As I had suspected although I have the HT leads in exactly the same orientation as per the original dizzy that I have just replaced this one is 180° out of phase. The offset drive-dog on the bottom of the dizzy's shaft which is secured by a roll-pin and can be assembled round either way is in fact at 180° to the old one and not as per the book.
And check the starter leads are clean, tight and bright ...Maybe you need to pull the dizzy turn the shaft 180 and refit, Hey presto its the right way, Or is it.
Cos I don't know where number 1 lead Should be on a mini dizzy cap.
But you have got it running(ish) progress
Sounds as if you need to get the battery on charge, you have been doing a lot without any meaningful charge going in.
J
Good shout!

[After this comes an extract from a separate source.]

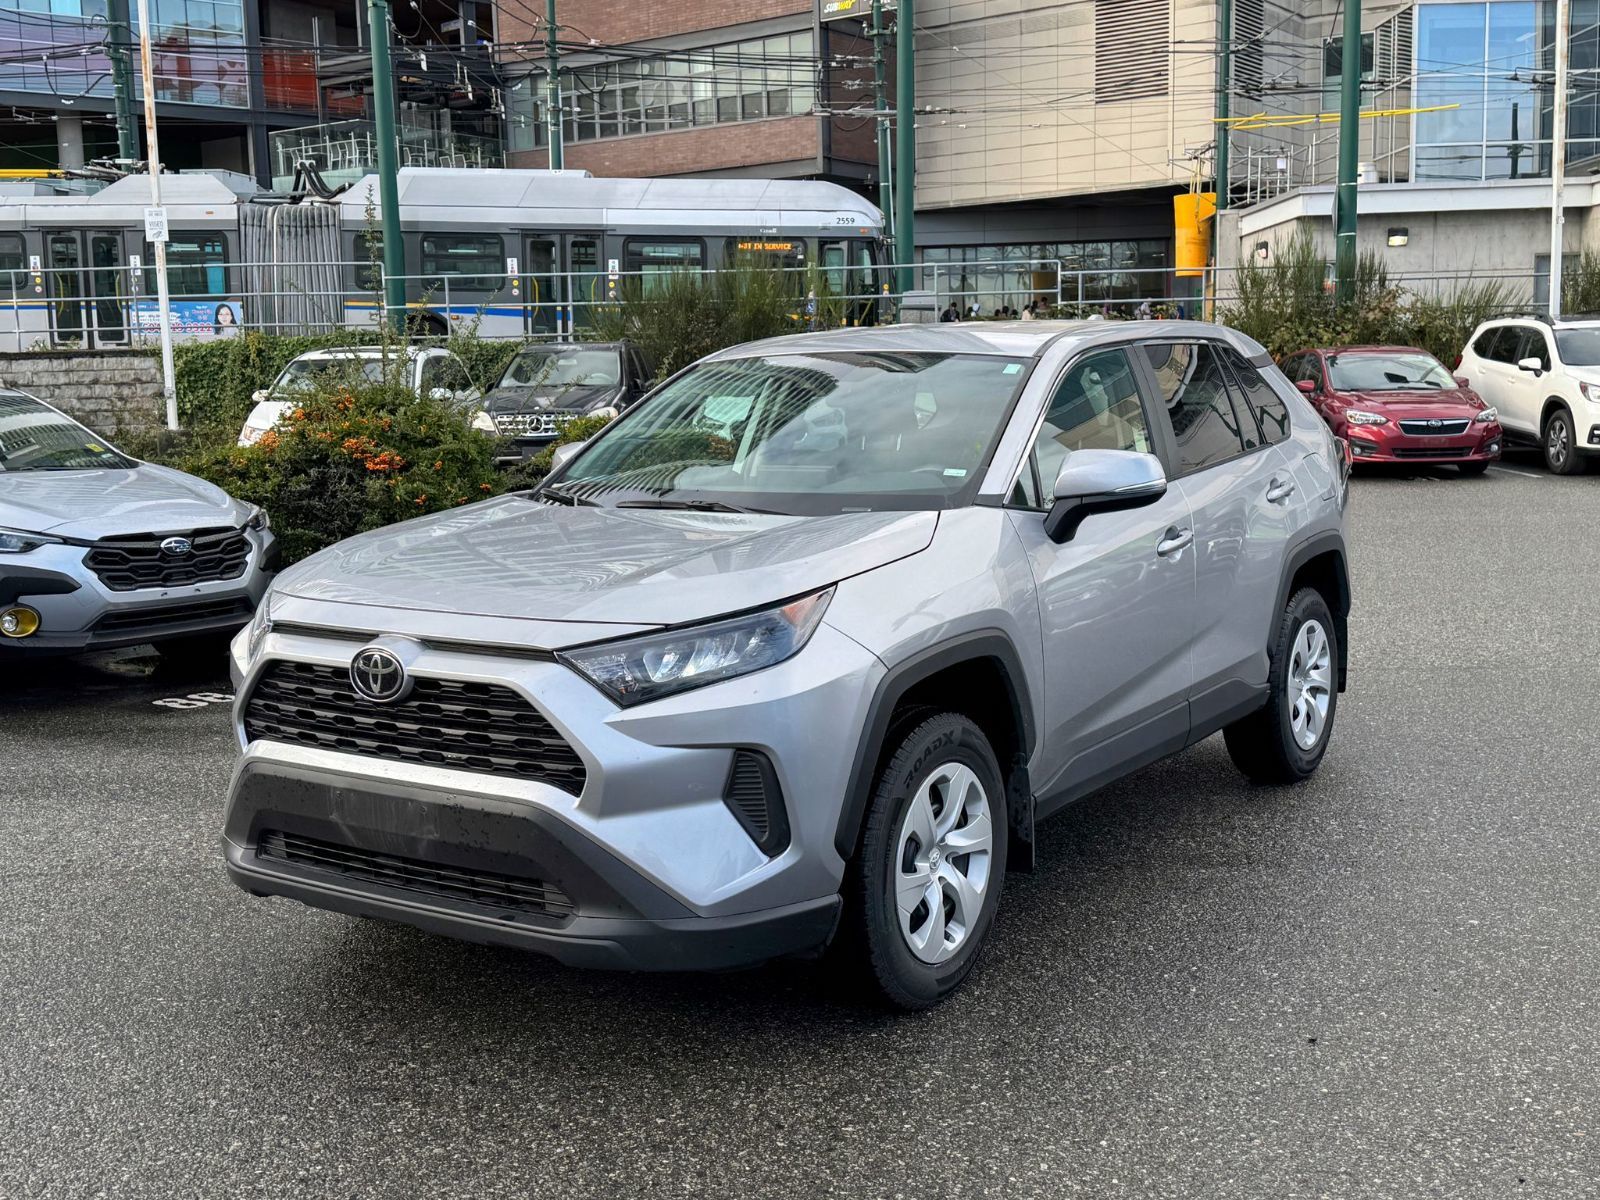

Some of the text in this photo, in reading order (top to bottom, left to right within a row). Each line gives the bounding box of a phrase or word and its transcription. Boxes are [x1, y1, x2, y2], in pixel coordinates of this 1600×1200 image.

[824, 0, 856, 13] SUBWAY
[836, 217, 855, 225] 2559
[903, 730, 954, 789] ROADX
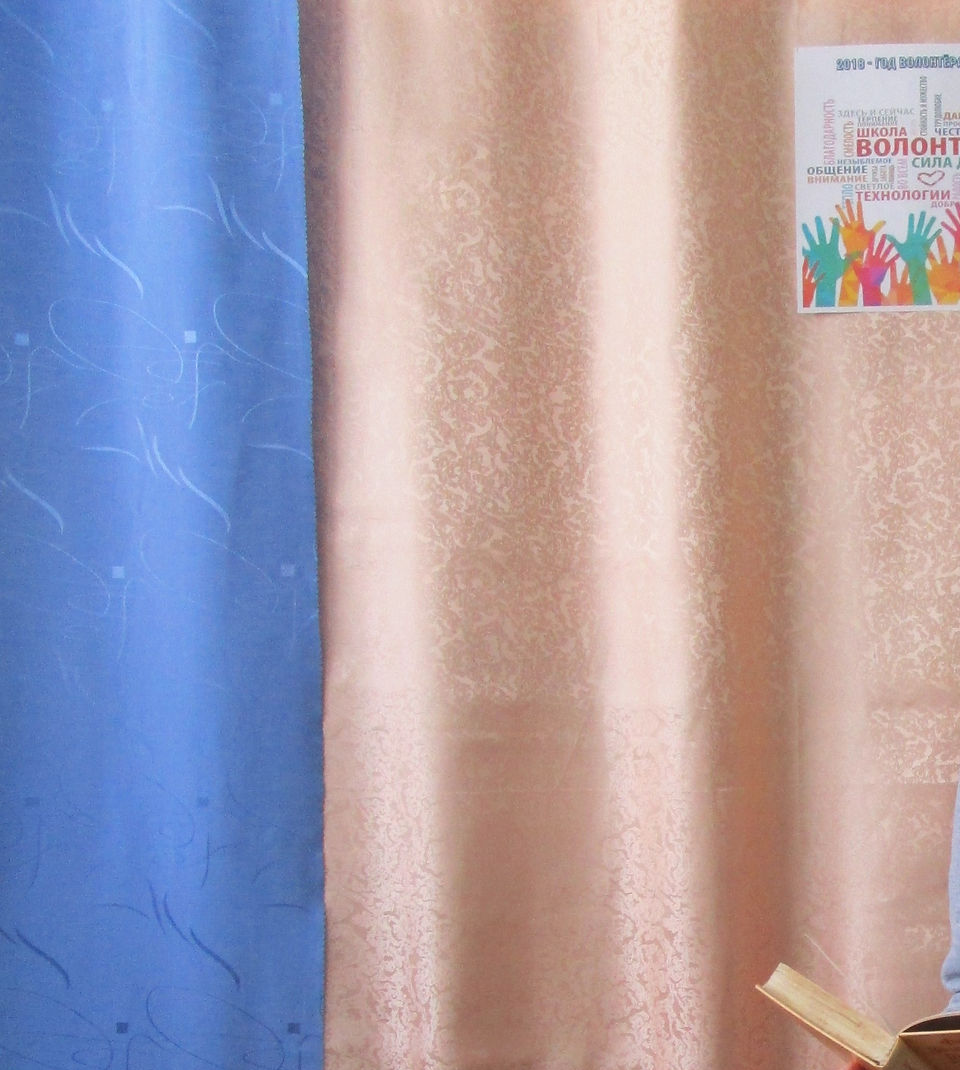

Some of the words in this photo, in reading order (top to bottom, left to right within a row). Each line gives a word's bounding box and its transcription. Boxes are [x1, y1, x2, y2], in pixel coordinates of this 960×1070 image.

I just dialed it back about 10° (CCW)and tried again and it started "on the button".If timing too far advanced it will act like a flat battery when turning over.
The starter is VERY bogged down and it doesn't crank very fast at all.
But then, all of a sudden.....
There is no vac advance fitted yet (awaiting the parts).
Try a bit of brake cleaner while it's running. Spray around anywhere you find air could get in. Any doubts on the inlet manifold, cracks or damaged gasket?Good shout! I just dialed it back about 10° (CCW)and tried again and it started "on the button".
It still doesn't like running without a bit of choke, but we are a million-miles forwards today. At last!
If I can get it to at least "run" I can then put a strobe on it to see what sort of timing we have.
Chasing for the vac-advance plumbing (should have been here 3 days ago).